The situation for the case-specific parts is reversed: The case-specific model for Approach 2 is much smaller (−43.69%) than for Approach 1, and requires much less effort (−45.13%). In addition, Approach 1 requires 107 LoC for case-specific detectors constructed in 870 minutes (which are totally absent in Approach 2). Consequently, the case-specific code for Approach 2 is in total significantly smaller (−62.94%) than for Approach 1 and required substantially less effort (−79.13%). That means that realizing a reusable solution can pay off in the long run, when the approach would be applied on many projects. If the approach is needed only once (and for a small-scale case study as performed here), the reusable approach in Approach 2 does not pay off, as the total effort and LoC comparisons show.

Table 1 Effort and size comparison

6.2 Requirements fulfillment

For Requirements R1 and R2 we can assess that both approaches are able to exactly reproduce the component model from the ground truth. The same result would likely be possible with the approach by Haitzer and Zdun (discussed in Sect. 3), but this has not been fully implemented in our study. Our approach can lead to highly accurate architecture model abstraction since no additional manual effort was needed to correct the resulting model. Moreover, the developers who create the detectors are very familiar with the system, meaning that they hold in depth the system characteristics and requirements. Requirement R3 is about supporting a highly polyglot setting, as is typical of modern microservices. This seems infeasible for the approach by Haitzer and Zdun with regard to required time and effort, unless the state of the art on polyglot parser approaches and support for multiple well working grammars is significantly improved. Both new Approaches support this requirement well.
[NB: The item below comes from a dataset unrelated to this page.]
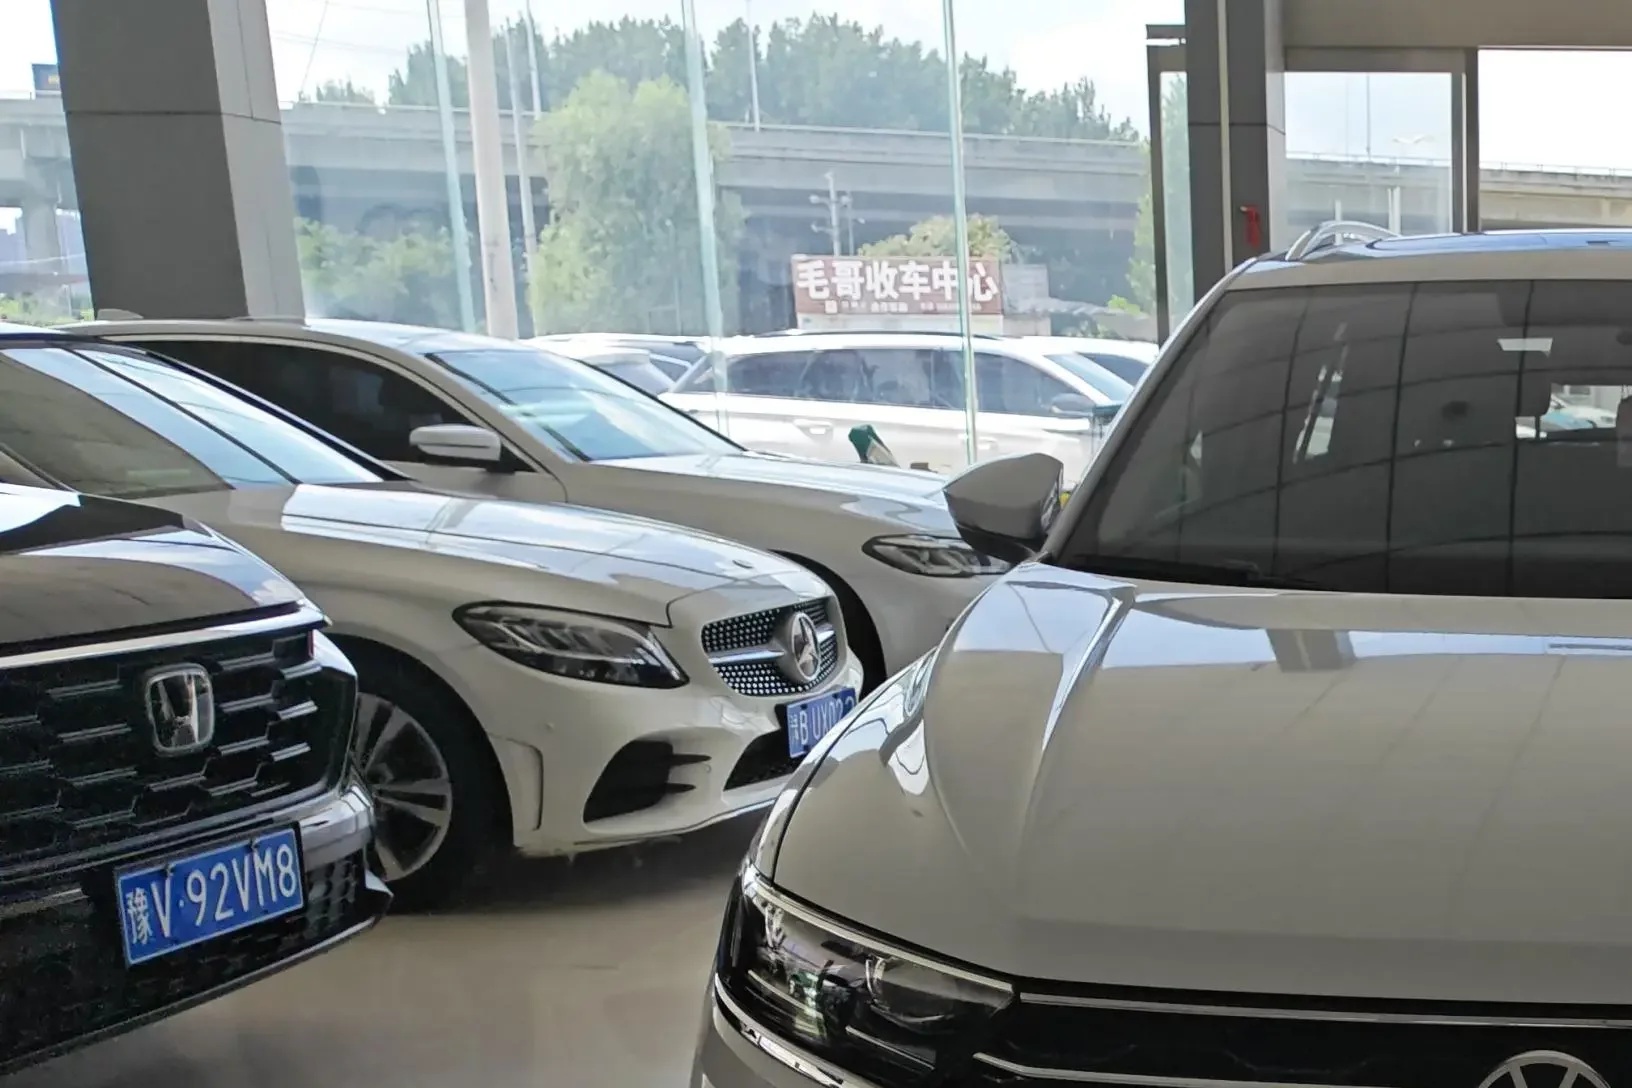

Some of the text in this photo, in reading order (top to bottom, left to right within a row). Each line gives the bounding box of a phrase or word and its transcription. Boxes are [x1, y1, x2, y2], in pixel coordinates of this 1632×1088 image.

Requirement R4 is about continuous comprehension. In order to test this, we have examined the differences in architecture and technologies used in the system in four additional releases: one prior to our case study, three later ones. We did not only test evolution in later releases, but also in prior ones, in order to be able to test whether our approach works for the removal of features. These are summarized in Table 3. Our approaches are able to detect (a) the removal of services, (b) the removal of system-level capabilities (e.g. Prometheus), and (c) the modification of specific technologies (e.g. Go). As can be seen in the table, the additional time effort (in minutes) to the script containing the abstracted architecture model (execution script) to each release is negligible (a few minutes). However, there is a caveat for Approach 1: Due to the many small opportunistic detectors, different implementations for similar concerns and opportunistic code reuse (copy & paste) occurred. It is known that this leads to problems during evolution, such as changes not being carried through for all similar code fragments, or that overly specific code for particular detections can lead to breaking detectors.

Requirement R5 concerns traceability from code to models. Both approaches establish trace links automatically. Requirement R6, i.e., how the amount of time (effort) for creating the architecture abstractions compares to the overall amount of effort for engineering the system, is fulfilled for Approach 1 and Approach 2: Compared to the COCOMO II estimate for delivering the case study project as an industrial solution, the efforts both for Approach 1 and Approach 2 are tiny. For instance, assuming 140 work hours per month, the case study construction would have consumed, according to COCOMO II, 199080 minutes. That is, the case-specific effort for creating a model and detectors for Approach 1 would be 0.7%, and for Approach 2 0.1%. That is, according to our COCOMO II estimates both approaches are way beyond the set target of 1%. Please note that this does not work out, if generic code base and reusable detectors cannot be reused. Then we observed 4% for Approach 1 and 7% for Approach 2, which might still be acceptable for some projects, but are beyond our 1% target. For more extensive systems these numbers would be much smaller in comparison. Requirement R7 is about the comparison of the approach to a manual reconstruction. If we compare to the manual reconstruction effort for the case study (see Sect. 4.1.2), we can see that Approach 1 requires a case-specific effort of 56.89% of the manual reconstruction effort; Approach 2 only requires 11.87% of the case-specific effort. Thus both approaches, when combined with a single manual reconstruction (or with our approach applied permanently from the inception of the project onwards), would require much less effort than periodically repeated manual reconstruction efforts. Assuming the existence of a large repository of reusable detectors (e.g., as an open-source project), Approach 2 would be vastly superior to Approach 1, too; without it, the substantial effort needed to create reusable detectors might eat up much of the benefit compared to Approach 1.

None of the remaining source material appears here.